## REQUIRED WORK
The listing that follows should be reproduced exactly, line for line.

## RECORDS TO PROCESS
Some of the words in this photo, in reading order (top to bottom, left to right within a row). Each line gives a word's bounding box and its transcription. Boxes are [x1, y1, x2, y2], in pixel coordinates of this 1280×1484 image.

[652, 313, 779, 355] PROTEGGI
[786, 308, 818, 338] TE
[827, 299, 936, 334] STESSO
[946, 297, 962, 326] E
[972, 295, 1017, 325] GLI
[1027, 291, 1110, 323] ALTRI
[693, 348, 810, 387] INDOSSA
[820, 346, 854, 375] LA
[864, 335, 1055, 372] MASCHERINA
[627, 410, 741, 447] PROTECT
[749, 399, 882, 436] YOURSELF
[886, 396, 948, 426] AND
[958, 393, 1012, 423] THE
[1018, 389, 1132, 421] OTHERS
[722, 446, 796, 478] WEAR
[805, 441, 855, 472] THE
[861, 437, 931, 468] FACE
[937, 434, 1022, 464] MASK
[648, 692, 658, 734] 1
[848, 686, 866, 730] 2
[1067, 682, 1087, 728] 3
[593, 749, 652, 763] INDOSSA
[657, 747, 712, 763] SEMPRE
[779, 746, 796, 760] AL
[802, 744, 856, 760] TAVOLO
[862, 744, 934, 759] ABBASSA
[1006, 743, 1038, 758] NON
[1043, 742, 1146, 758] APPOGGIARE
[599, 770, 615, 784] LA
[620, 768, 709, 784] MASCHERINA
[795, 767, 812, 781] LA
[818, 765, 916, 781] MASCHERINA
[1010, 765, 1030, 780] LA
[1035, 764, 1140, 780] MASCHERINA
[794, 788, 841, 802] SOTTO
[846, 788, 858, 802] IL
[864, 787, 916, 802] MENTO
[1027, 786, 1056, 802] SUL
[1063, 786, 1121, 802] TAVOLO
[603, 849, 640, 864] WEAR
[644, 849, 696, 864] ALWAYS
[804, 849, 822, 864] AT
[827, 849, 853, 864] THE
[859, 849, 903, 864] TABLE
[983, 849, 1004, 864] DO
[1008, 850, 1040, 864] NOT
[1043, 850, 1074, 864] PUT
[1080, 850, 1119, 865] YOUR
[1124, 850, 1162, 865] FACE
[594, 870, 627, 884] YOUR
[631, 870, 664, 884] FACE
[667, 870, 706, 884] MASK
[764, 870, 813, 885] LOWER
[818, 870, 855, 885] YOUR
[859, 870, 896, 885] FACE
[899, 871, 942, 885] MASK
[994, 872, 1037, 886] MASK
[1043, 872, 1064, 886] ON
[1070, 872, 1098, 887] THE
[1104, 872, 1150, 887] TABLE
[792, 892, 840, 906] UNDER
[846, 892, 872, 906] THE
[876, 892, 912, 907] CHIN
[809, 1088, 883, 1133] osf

## WRITTEN ANSWER
Some of the words in this photo, in reading order (top to bottom, left to right within a row). Each line gives a word's bounding box and its transcription. Boxes are [x1, y1, x2, y2], in pixel coordinates of this 1280×1484 image.

[652, 313, 779, 355] PROTEGGI
[786, 308, 818, 338] TE
[827, 299, 936, 334] STESSO
[946, 297, 962, 326] E
[972, 295, 1017, 325] GLI
[1027, 291, 1110, 323] ALTRI
[693, 348, 810, 387] INDOSSA
[820, 346, 854, 375] LA
[864, 335, 1055, 372] MASCHERINA
[627, 410, 741, 447] PROTECT
[749, 399, 882, 436] YOURSELF
[886, 396, 948, 426] AND
[958, 393, 1012, 423] THE
[1018, 389, 1132, 421] OTHERS
[722, 446, 796, 478] WEAR
[805, 441, 855, 472] THE
[861, 437, 931, 468] FACE
[937, 434, 1022, 464] MASK
[648, 692, 658, 734] 1
[848, 686, 866, 730] 2
[1067, 682, 1087, 728] 3
[593, 749, 652, 763] INDOSSA
[657, 747, 712, 763] SEMPRE
[779, 746, 796, 760] AL
[802, 744, 856, 760] TAVOLO
[862, 744, 934, 759] ABBASSA
[1006, 743, 1038, 758] NON
[1043, 742, 1146, 758] APPOGGIARE
[599, 770, 615, 784] LA
[620, 768, 709, 784] MASCHERINA
[795, 767, 812, 781] LA
[818, 765, 916, 781] MASCHERINA
[1010, 765, 1030, 780] LA
[1035, 764, 1140, 780] MASCHERINA
[794, 788, 841, 802] SOTTO
[846, 788, 858, 802] IL
[864, 787, 916, 802] MENTO
[1027, 786, 1056, 802] SUL
[1063, 786, 1121, 802] TAVOLO
[603, 849, 640, 864] WEAR
[644, 849, 696, 864] ALWAYS
[804, 849, 822, 864] AT
[827, 849, 853, 864] THE
[859, 849, 903, 864] TABLE
[983, 849, 1004, 864] DO
[1008, 850, 1040, 864] NOT
[1043, 850, 1074, 864] PUT
[1080, 850, 1119, 865] YOUR
[1124, 850, 1162, 865] FACE
[594, 870, 627, 884] YOUR
[631, 870, 664, 884] FACE
[667, 870, 706, 884] MASK
[764, 870, 813, 885] LOWER
[818, 870, 855, 885] YOUR
[859, 870, 896, 885] FACE
[899, 871, 942, 885] MASK
[994, 872, 1037, 886] MASK
[1043, 872, 1064, 886] ON
[1070, 872, 1098, 887] THE
[1104, 872, 1150, 887] TABLE
[792, 892, 840, 906] UNDER
[846, 892, 872, 906] THE
[876, 892, 912, 907] CHIN
[809, 1088, 883, 1133] osf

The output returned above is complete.